Da unser Hormonstatus nicht mehr der vor den Wechseljahren ist, werden früher oder später alle möglichen Beschwerden einsetzen, die ich auch schon weitgehend beschrieben habe; unter anderem auch, die mit unseren Gelenken, Bändern, Sehnen, Faszien ect. Ich bin schon hinlänglich gewöhnt daran, von Zeit zu Zeit Probleme mit meinen Knien zu haben, die ich mit Massage wieder in den Griff bekomme, meine Lendenwirbelsäule nicht so will wie ich und mich nach längerem Sitzen am Aufstehen hindern will. Dass ich aber eine Sprunglenkschwäche im rechten Knöchel bekommen könnte, inklusive Umknicken und Muskel-Sehnenzerrung die monatelang anhält, das hatte ich noch nicht auf dem Schirm. Auch fleißiges tapen hilft da nicht letzlich.
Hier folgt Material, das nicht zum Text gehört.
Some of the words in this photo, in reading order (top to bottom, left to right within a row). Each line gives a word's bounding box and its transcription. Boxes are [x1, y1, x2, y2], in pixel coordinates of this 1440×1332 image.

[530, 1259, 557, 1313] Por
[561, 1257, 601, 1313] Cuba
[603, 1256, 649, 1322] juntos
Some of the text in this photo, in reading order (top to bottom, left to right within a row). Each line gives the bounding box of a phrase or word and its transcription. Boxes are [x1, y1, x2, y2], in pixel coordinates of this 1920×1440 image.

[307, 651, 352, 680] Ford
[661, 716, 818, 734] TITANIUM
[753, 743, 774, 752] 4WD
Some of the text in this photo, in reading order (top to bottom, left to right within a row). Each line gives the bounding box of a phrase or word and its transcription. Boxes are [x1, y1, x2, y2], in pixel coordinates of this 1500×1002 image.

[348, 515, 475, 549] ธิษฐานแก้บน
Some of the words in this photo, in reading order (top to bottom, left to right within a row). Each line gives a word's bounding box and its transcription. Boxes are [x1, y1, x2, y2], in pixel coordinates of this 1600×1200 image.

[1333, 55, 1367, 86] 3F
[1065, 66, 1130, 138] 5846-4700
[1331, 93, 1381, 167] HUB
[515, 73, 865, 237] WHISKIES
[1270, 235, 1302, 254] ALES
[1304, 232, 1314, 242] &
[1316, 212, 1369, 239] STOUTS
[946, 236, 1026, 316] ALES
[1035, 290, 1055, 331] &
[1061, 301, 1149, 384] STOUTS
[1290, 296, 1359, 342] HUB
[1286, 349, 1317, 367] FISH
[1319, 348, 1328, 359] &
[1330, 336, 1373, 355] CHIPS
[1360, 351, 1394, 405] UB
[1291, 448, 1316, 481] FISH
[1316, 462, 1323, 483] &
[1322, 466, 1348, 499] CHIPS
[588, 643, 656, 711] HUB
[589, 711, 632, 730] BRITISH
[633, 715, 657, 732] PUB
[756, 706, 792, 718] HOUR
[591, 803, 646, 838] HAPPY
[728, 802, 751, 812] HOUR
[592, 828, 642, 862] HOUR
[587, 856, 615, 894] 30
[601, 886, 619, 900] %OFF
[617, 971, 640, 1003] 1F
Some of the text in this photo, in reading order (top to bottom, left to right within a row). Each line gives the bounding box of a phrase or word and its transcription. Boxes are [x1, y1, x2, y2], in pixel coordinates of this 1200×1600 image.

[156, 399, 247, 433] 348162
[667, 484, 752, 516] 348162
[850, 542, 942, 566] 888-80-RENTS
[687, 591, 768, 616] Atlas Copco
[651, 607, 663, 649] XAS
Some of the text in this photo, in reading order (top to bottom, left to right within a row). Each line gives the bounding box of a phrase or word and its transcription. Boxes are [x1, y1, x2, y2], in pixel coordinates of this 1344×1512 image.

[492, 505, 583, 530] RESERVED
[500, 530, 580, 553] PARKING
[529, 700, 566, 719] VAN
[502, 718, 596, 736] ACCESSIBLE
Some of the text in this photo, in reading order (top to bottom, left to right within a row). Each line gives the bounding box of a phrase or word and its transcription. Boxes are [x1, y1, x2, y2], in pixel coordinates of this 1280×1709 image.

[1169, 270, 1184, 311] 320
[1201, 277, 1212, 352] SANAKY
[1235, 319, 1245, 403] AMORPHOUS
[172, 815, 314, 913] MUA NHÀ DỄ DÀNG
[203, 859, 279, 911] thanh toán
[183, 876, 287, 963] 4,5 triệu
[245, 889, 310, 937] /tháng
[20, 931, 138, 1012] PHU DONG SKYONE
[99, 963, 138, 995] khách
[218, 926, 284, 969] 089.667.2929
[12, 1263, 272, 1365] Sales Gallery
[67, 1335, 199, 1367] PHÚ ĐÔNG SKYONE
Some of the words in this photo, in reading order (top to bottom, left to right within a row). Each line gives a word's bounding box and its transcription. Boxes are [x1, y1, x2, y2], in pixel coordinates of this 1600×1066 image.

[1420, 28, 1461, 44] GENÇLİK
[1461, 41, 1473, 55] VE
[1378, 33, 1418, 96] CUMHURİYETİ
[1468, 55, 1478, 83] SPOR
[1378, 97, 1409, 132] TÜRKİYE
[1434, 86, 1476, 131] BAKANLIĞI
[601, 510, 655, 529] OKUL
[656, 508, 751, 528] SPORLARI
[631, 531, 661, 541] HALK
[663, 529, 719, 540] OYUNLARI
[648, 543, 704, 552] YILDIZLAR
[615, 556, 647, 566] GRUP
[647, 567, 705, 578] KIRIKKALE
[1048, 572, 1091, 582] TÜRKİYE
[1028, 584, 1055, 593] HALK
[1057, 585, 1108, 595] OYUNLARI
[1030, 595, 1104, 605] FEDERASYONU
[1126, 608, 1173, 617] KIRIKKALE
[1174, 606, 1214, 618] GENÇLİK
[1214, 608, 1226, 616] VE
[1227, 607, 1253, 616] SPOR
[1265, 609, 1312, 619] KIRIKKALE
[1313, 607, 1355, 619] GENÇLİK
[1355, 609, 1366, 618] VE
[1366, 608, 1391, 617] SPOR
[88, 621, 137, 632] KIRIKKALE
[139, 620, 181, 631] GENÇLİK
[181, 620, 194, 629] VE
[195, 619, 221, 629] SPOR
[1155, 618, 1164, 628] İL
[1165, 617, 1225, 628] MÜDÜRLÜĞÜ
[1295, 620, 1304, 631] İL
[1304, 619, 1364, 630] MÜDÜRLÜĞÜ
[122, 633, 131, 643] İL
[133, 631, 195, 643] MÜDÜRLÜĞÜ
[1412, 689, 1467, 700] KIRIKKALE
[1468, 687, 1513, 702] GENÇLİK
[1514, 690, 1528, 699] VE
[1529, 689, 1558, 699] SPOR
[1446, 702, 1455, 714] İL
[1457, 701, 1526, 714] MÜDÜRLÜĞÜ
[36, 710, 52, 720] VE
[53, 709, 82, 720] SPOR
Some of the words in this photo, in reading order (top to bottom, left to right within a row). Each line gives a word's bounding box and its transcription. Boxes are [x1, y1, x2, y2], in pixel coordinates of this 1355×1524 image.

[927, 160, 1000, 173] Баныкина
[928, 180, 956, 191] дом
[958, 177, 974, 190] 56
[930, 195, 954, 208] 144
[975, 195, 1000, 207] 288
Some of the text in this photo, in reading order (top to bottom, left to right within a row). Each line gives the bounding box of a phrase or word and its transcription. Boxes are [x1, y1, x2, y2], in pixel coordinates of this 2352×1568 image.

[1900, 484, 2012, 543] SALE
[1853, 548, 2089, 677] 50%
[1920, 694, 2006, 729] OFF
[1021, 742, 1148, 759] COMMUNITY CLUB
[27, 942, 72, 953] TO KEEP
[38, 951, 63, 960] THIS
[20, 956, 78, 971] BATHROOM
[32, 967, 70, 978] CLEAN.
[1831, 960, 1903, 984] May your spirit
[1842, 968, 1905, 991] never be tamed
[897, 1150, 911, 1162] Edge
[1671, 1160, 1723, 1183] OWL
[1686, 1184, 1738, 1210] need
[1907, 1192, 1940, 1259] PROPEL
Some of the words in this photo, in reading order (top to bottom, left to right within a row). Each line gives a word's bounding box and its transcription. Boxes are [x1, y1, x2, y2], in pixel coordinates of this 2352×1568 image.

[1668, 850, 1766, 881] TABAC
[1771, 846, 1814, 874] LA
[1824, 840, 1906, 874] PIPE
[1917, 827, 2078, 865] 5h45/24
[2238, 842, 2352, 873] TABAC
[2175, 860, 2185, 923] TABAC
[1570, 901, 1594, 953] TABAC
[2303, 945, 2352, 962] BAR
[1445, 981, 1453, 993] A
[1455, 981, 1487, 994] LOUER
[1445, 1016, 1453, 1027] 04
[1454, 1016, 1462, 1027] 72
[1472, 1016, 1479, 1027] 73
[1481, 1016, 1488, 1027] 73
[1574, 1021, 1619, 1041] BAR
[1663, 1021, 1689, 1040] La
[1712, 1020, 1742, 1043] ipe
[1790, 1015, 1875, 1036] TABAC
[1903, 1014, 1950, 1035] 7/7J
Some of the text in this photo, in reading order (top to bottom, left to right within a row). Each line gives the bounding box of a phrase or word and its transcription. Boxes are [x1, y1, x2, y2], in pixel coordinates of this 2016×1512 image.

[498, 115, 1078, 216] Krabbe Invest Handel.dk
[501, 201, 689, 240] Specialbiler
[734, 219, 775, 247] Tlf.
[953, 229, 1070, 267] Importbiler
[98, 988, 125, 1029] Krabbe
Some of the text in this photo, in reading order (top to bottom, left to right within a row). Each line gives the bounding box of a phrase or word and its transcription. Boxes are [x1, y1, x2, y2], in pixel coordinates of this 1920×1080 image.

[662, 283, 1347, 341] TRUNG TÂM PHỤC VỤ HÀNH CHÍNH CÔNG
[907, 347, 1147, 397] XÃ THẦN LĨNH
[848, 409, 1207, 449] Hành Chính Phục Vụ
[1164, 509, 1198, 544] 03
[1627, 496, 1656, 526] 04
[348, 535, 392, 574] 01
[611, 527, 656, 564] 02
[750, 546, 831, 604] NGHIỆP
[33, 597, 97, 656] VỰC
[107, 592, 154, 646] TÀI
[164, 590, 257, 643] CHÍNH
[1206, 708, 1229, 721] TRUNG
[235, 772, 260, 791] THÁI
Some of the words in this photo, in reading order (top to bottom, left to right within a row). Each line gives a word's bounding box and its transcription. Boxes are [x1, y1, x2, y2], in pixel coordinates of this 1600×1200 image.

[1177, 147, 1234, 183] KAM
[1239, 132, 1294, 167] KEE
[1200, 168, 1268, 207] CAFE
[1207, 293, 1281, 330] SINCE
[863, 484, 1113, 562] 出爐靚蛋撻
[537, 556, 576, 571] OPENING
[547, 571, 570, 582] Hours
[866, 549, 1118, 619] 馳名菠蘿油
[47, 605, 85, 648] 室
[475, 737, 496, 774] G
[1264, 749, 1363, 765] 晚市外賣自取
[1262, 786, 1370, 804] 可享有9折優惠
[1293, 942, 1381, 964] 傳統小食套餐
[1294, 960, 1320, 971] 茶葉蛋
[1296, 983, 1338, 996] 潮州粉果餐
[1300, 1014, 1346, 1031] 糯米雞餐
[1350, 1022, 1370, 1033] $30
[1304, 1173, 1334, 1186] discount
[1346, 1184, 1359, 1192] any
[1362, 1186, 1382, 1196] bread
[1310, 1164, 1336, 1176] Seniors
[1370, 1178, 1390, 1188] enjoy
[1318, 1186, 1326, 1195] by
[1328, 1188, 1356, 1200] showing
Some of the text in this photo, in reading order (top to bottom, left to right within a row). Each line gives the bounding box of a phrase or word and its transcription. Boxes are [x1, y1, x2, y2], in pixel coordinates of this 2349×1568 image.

Als wäre das nicht schon genug, nein, auch meine rechte Schulter meinte ganz plötzlich wie der Teufel schmerzen zu müssen, als wäre der Arm ausgekugelt. Ob das meiner Kalkschulter??? geschuldet ist oder nicht, es ist saumäßig anstrengend. Aber was soll’s, auch das werde ich irgendwann wieder in den Griff bekommen.
Wie heißt es so treffend:” Alter ist nichts für Feiglinge”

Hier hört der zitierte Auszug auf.